The evidence is clear -  early detection of breast cancer saves lives. Over 95 percent of women who receive an early diagnosis can see high rates of survival with treatment. That number drops to 30 percent when breast cancer is caught at later stages. 

USPSTF’s final recommendation is particularly troubling due to recent studies that show rising cancer rates for younger Americans under 50, particularly among women. Between 2010 and 2019, diagnoses among people aged 30 to 39 increased 19.4 percent, with breast cancer accounting for the highest number of cancer cases in younger people. The rate of late-stage breast cancer diagnoses in young women also has been climbing, with women under age  50  more likely to be diagnosed with aggressive cancers. 

It is important to remember that the goal of screening is to reduce breast cancer deaths. Annual mammograms for women at average risk are critical; without them, interval cancers that appear between screening mammograms can grow unchecked and quickly.  Brem Foundation Chief Medical Officer Dr. Rachel Brem states: “It is the responsibility of medical providers to save the most women possible. One of the chief ‘harms ' of mammography noted by the USPSTF is increased anxiety due to false positives, which is not life threatening. In contrast, a late stage breast cancer diagnosis can be devastating. The failure of USPSTF to recommend annual mammograms is also perplexing as other leading medical associations, such as ACOG, ACR and SBI, have long recommended annual screening.  To save more lives, the USPSTF must reverse course  and recommend annual mammography for average-risk women starting at age 40.” 

Brem Foundation refutes USPSTF’s conclusion that “the evidence is insufficient to determine the balance of benefits and harms of supplemental screening for breast cancer with breast ultrasound or MRI, regardless of breast density.” Breast density impacts 40% of women in the U.S. Multiple published studies have already demonstrated that both breast ultrasound and MRI, when combined with mammogram, can demonstrably increase cancer detection in women with dense breast tissue. Brem Foundation is deeply dismayed that the  USPSTF has ignored this data and issued an I (inconclusive) grade on the topic.

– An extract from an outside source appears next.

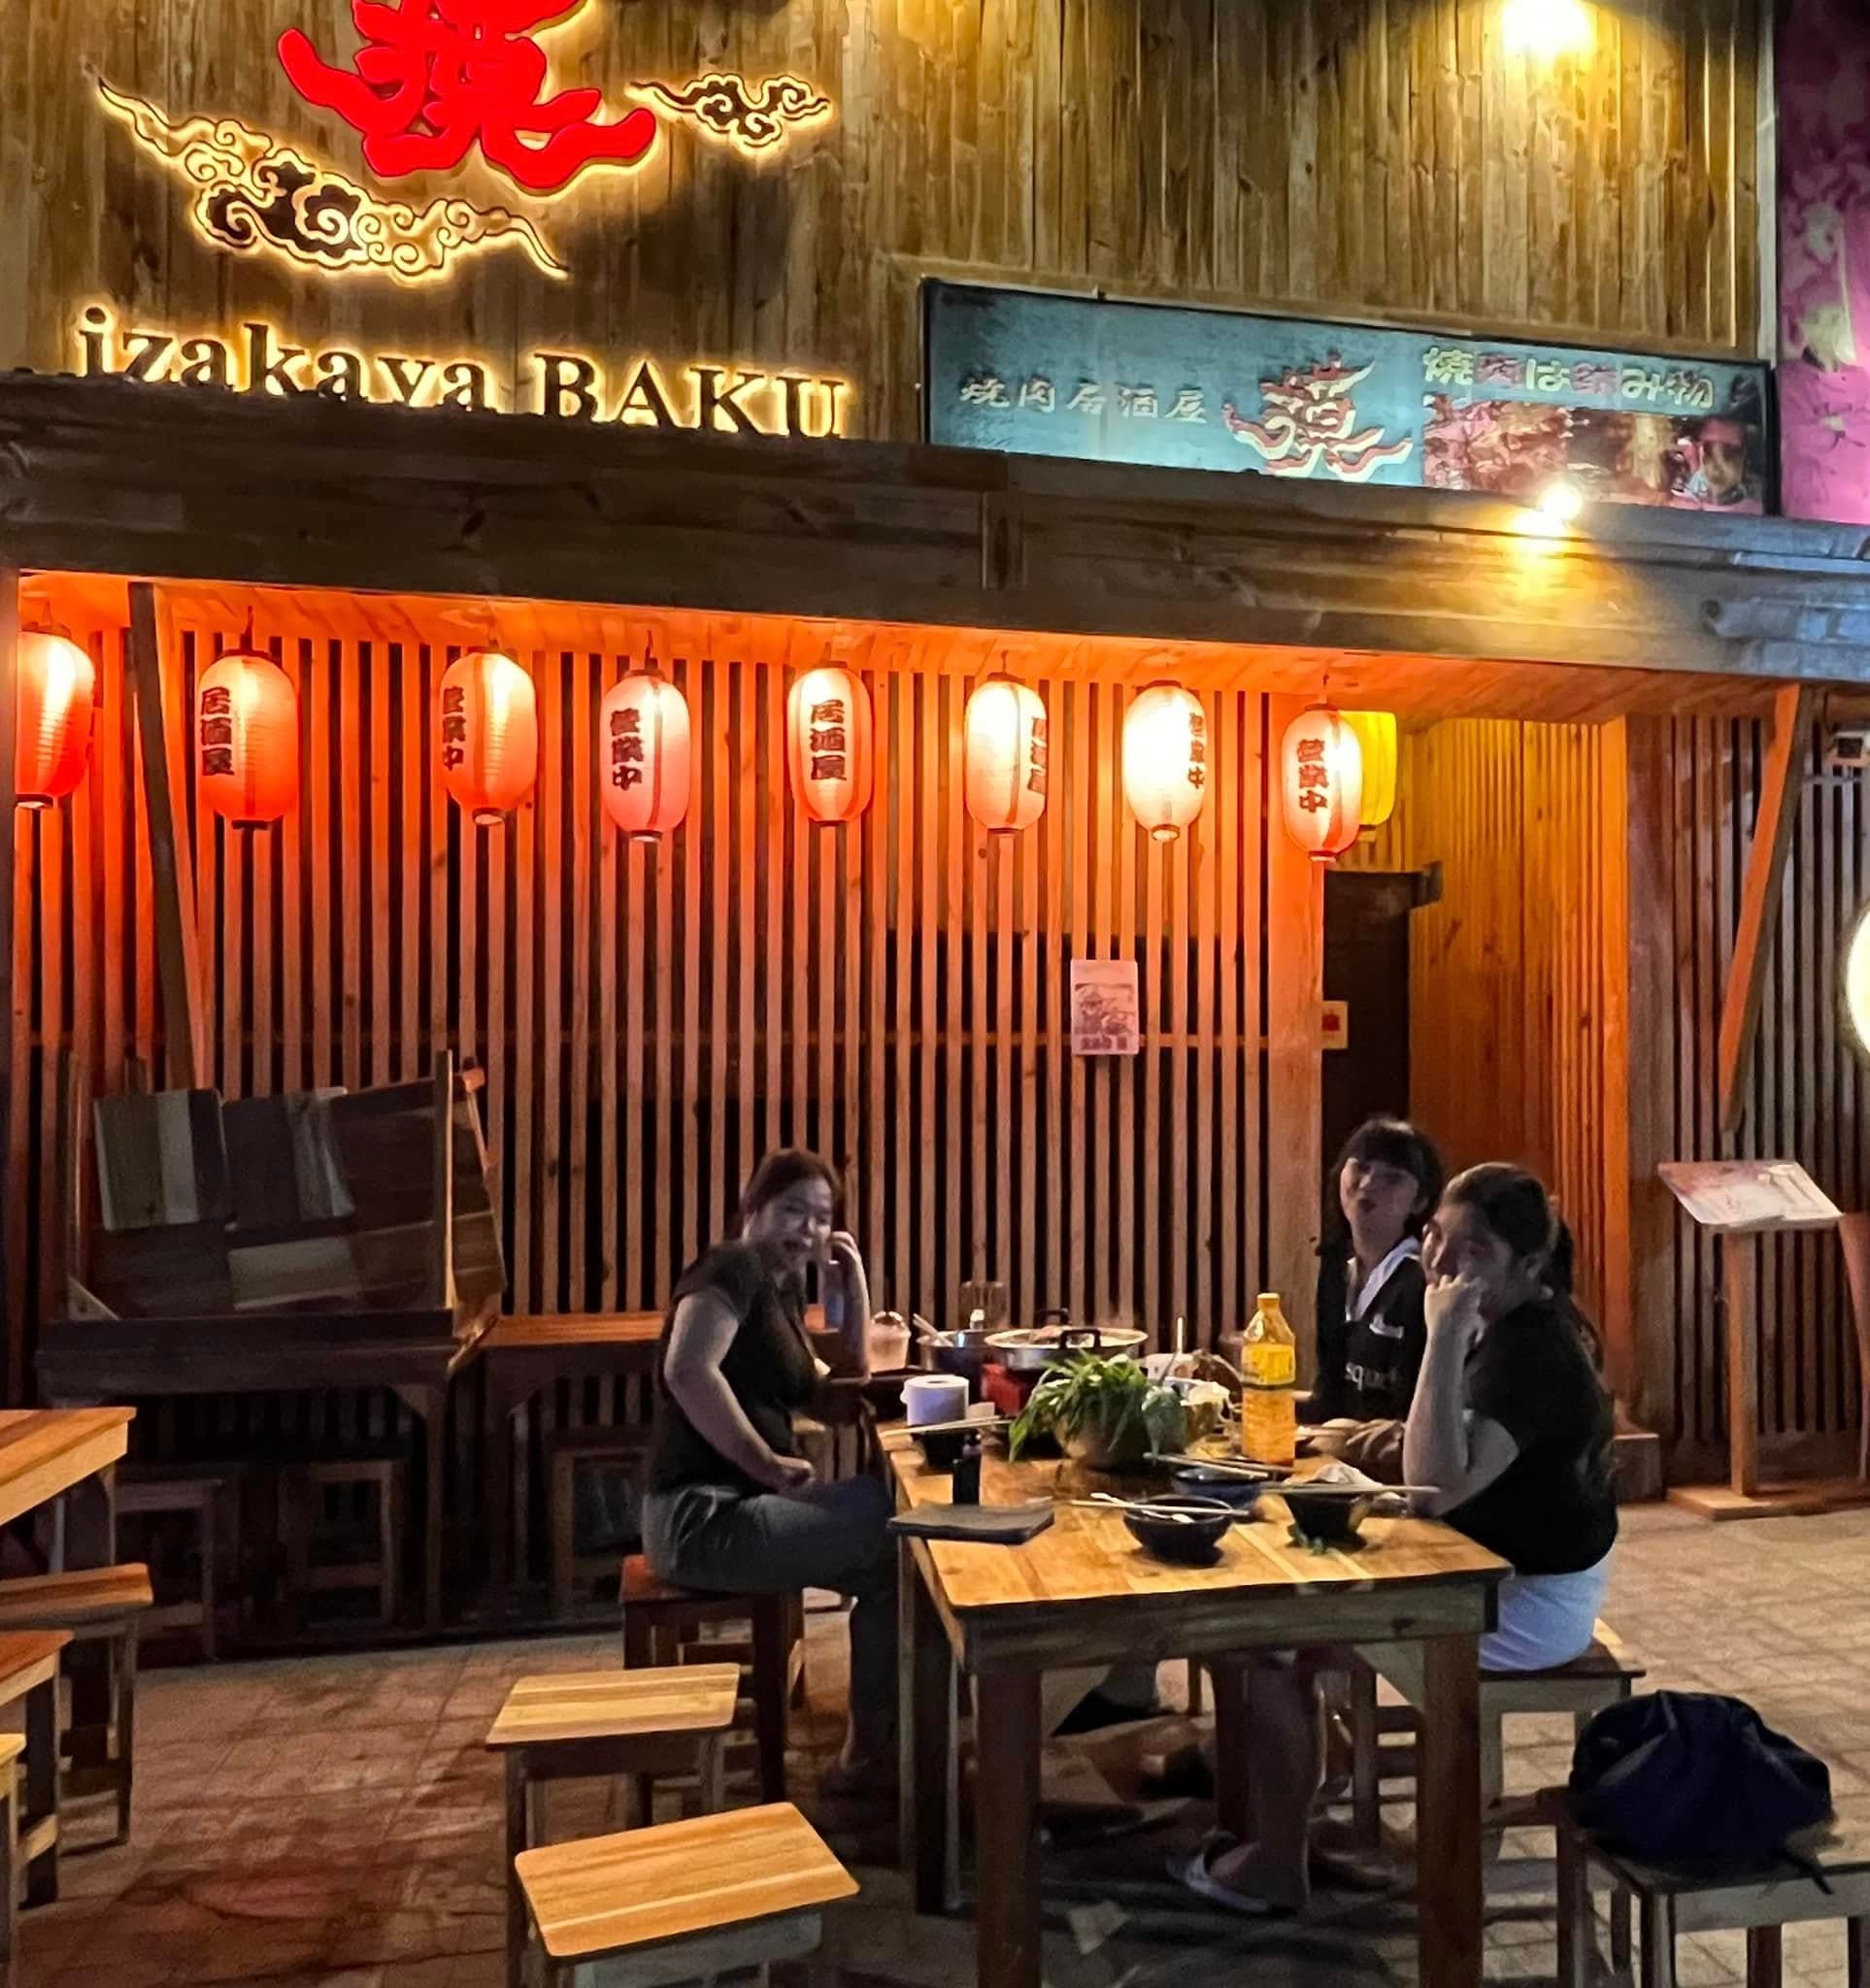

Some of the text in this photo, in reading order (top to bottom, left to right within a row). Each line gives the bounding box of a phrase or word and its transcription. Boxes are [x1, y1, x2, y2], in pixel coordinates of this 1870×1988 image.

The final guidelines released today acknowledge that breast cancer can be deadly for Black women, yet USPSTF missed the opportunity to call for an earlier risk assessment for Black women and other ethnic groups who are at increased risk. In contrast, the American College of Radiology has recommended that high-risk groups such as Black women and Ashkenazi Jewish women get risk assessments by age 25 to determine whether mammography before age 40 is needed, which Brem Foundation strongly supports. 

In sum, while the proposed guidelines change the age to begin screening,  they completely miss the mark on several critical issues in early detection that could lead to better health outcomes. Brem CEO Clare Dougherty notes, “As women navigate the complexities of their breast health, they deserve every tool available to detect a potential cancer as early as possible. This includes clear and consistent guidelines on when to screen and how often. USPSTF can and should do better by women.”